Title: Swan Song
Author:
xaaraRating: PG, gen
Timeline: Pre-series
Characters: Dean, Sam
Summary: The road just before Christmas, just before Stanford. Just before.
Swan Song
But I have promises to keep,
And miles to go before I sleep,
And miles to go before I sleep.
Stopping By Woods on a Snowy Evening
Robert Frost
--
This is freedom. Eight lanes and a guardrail. White dashes disappearing into the darkness like snuffed candles. Tank of gas, oil topped off, snowflakes drawing you forward as they splash and melt against the windows, tiny exultations. Swish of windshield wipers, of tires. Passing an eighteen-wheeler jackknifed on the median. No music, just the whisper of the snow, telling you things you already know, will never learn.
Sam asleep in the next seat, taking deep, even breaths. Dad asleep too, curled sideways in the back. A question mark, an unstrung bow.
Two days before Christmas, though it could be Christmas Eve, maybe. Passing cars loaded down with winter-cocooned children and presents going to homes with holly wreaths on the doorways and relatives dressed in red and green. Next rest stop thirty miles.
The quiet hums with exhaustion. Dad wanted to drive, but Dean volunteered instead. Didn’t want to sleep, he said, and besides Dad needed it more. Sleep these days means nightmares, anyway, though he didn’t tell Dad that. He likes to think only Sam knows. Dean glances over at Sam, relieved to see that his bandage is clean. Stopped bleeding then. They need to find somewhere to stop, rest for a day or two.
Sam stirs, rubs his eyes and shakes his head, slides back up along the seat. “Where are we?” he asks, voice tangled and lazy.
“Go back to sleep,” Dean says.
Sam looks at him with the disgusted expression that says who do you think you are?
But Dean’s read the essays. Who do you look up to and Who was your childhood hero and why in five hundred words. In some of them, Dean’s a mechanic, in others some sort of traveling salesman. Sam went easy on the details; after my mother died and brother are the only two that stayed consistent.
“Fine. Just don’t blame me when your arm gets infected and we have to steal antibiotics from another hospital. On Christmas. The baby Jesus will cry.”
Sam’s laugh is a warm thing, pinecones snapping in a bonfire. Dean looks away before Sam can see his grin, checks his mirrors. Can’t see a goddamn thing, but does it anyway, out of habit. Familiarity. The steering wheel is worn smooth beneath his fingers.
They lapse into silence. Dean listens to Dad breathe behind him, the occasional snore, snuffle, a rustle as he changes position and sinks back.
“Hey,” Sam says, “pull into the stop, quick. I want something to eat.”

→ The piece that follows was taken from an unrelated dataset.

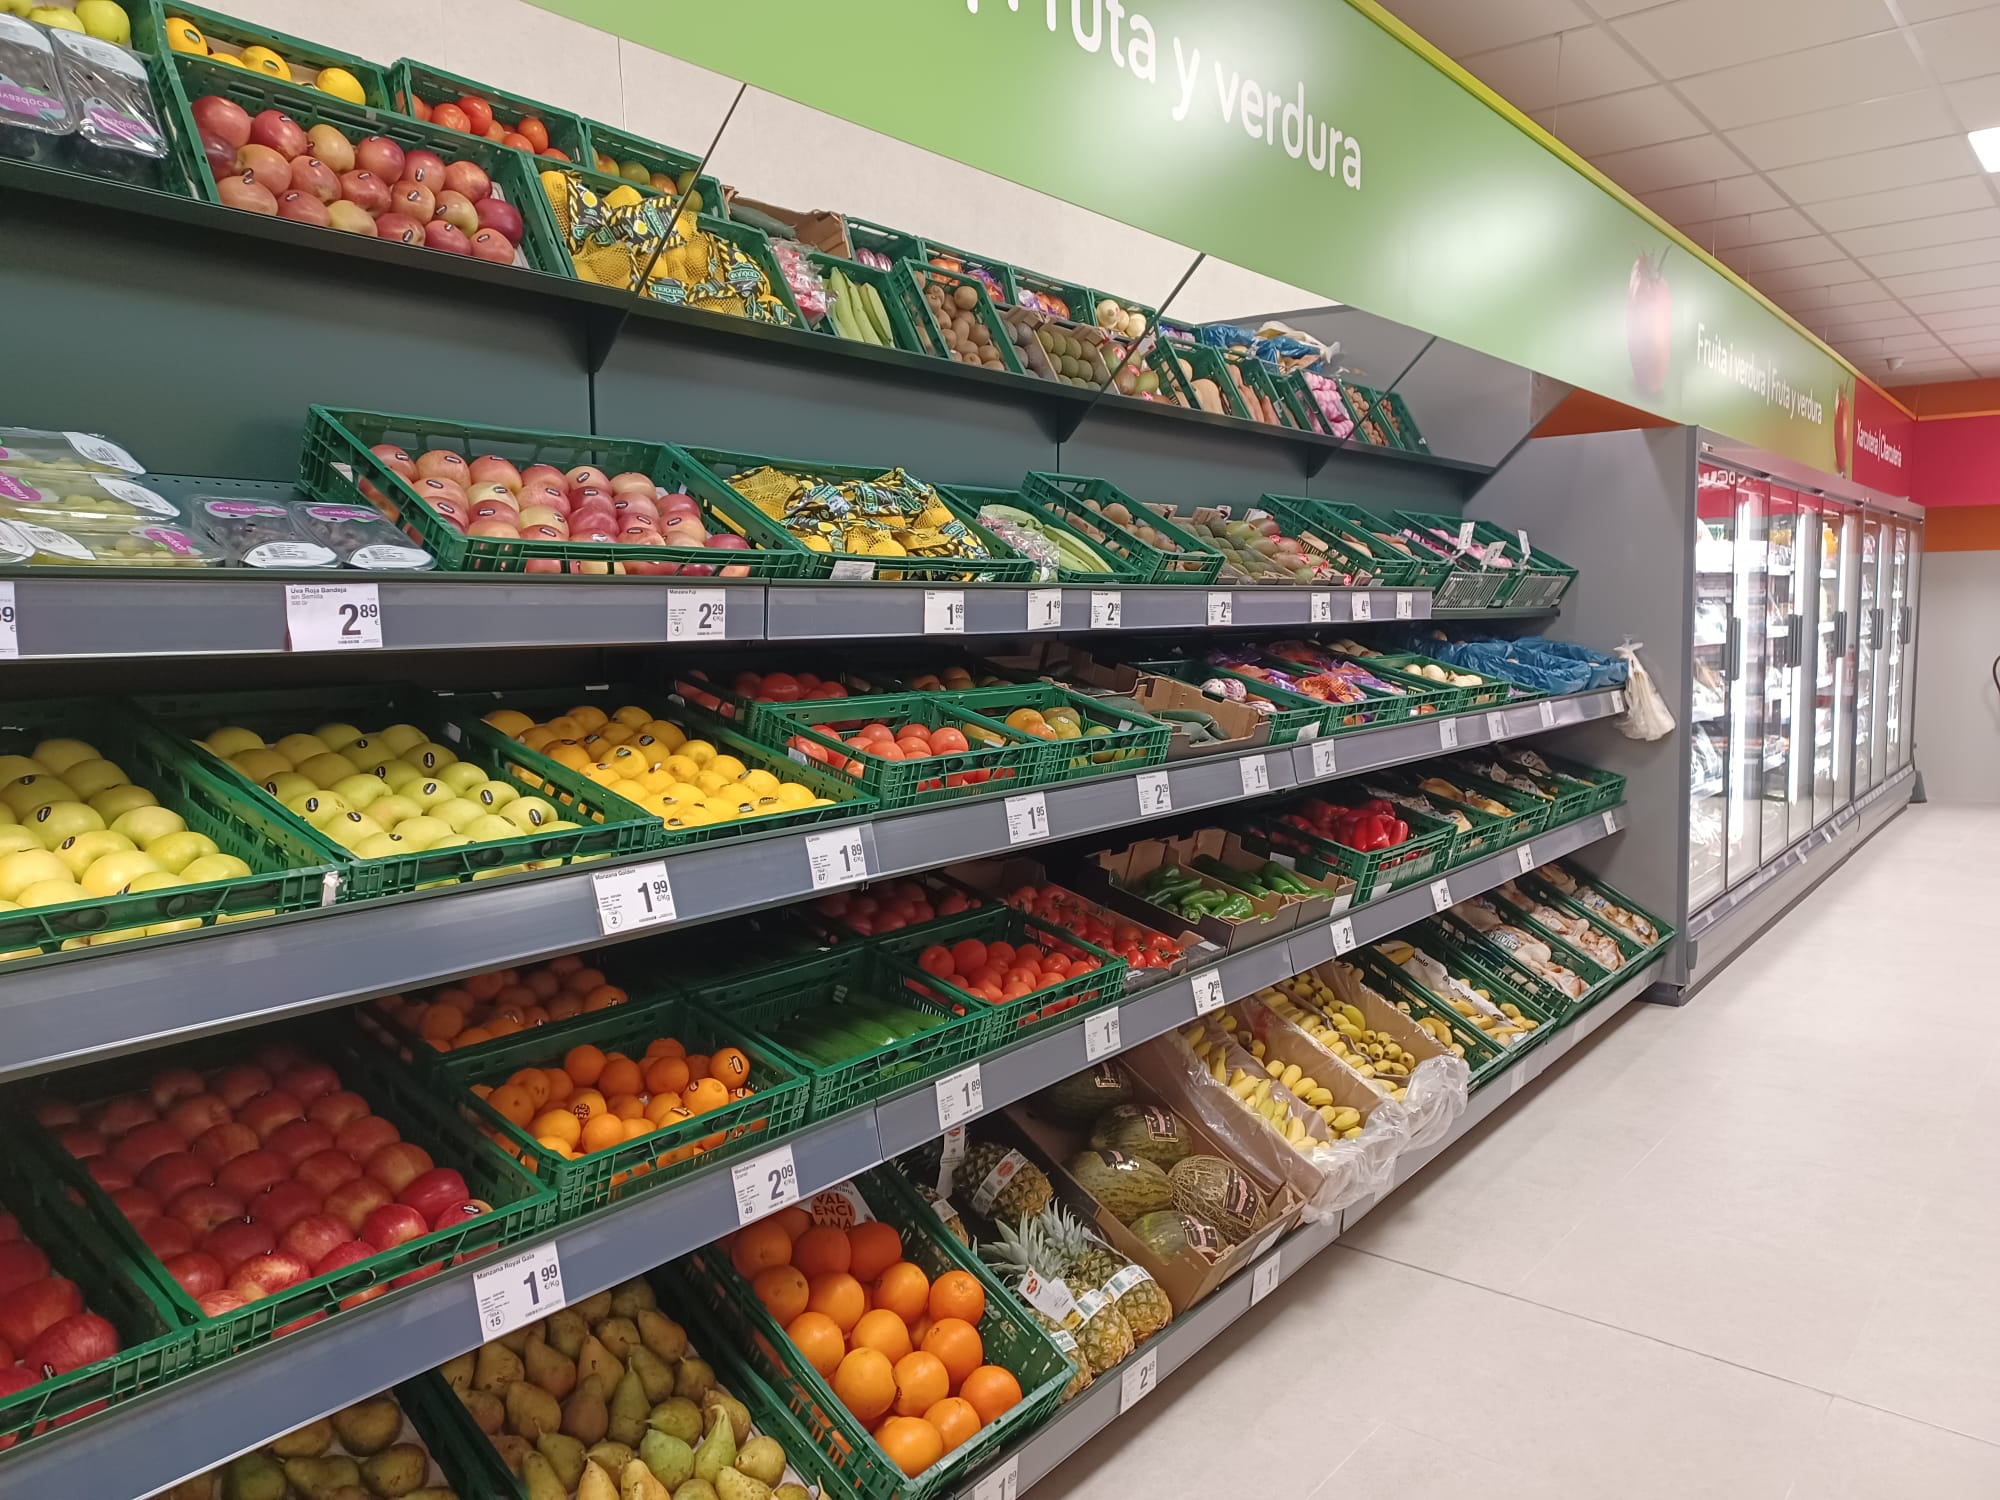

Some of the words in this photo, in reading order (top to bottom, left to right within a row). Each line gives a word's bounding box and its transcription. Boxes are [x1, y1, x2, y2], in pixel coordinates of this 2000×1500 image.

Dean doesn’t answer, just nudges the car into the parking lot behind seven or eight tractor-trailers. He wonders whether he would’ve been a trucker, in some other life. Open road at two in the morning, sleeping in the back of the cab, honking at the kids who passed, pumping their fists in the air.
“Grab me a Coke or something,” he tells Sam, who nods and disappears into the building.
Dean gets out and leans on the hood, tasting the bite of the wind, the tickle of snowflakes down the back of his collar. He turns the collar up and hunches into his jacket. Longs for a bowl of oatmeal with syrup and butter, coffee, black. The wind whickers against the trees behind him. He stretches, shakes out the kinks in his knees. Settles back behind the wheel as Sam returns.
“Here,” Sam says, handing Dean something. It’s wrapped in a brochure that says Welcome to West Virginia! across the top and may or may not include a painting of a bear, tied in something that closely resembles a shoelace.
“The hell is this?” Dean asks.
“Just open it,” says Sam.
Dean unties the bow, his hands clumsy with cold. Unfolds the stiff brochure paper. Resting inside is a tiny dreamcatcher.
“Merry Christmas,” Sam says. “Or, you know, whatever. Just. I don’t know. They were selling them, and I thought maybe. Since....”
Oh. “I don’t--”
“Or whatever,” Sam says. His fingers fumble against one another; he looks away.
“No, I mean. It’s cool.” Dean touches the spider web center of the amulet. The leather wrapped around the outside catches against the calluses on his palm.
“Okay.” Sam still won’t meet his eyes. “Are we stopping somewhere soon?”
“Soon as I find a place.”
“Good.” Pause. “I’m just. I’m going to go back to sleep, I think.”
“Go for it,” Dean says. He’s still tense as he tucks the dreamcatcher into a shirt pocket and merges back onto the highway. Ten minutes later, he thinks Sam might be asleep, but he mutters anyway, “I hope, you know. I hope you get in.”
Sam doesn’t say anything, but he flinches and huddles more resolutely into the seat.
Right, Dean thinks.
Outside, the snow hisses by. Dean wonders what the weather’s like, a little farther on up the road.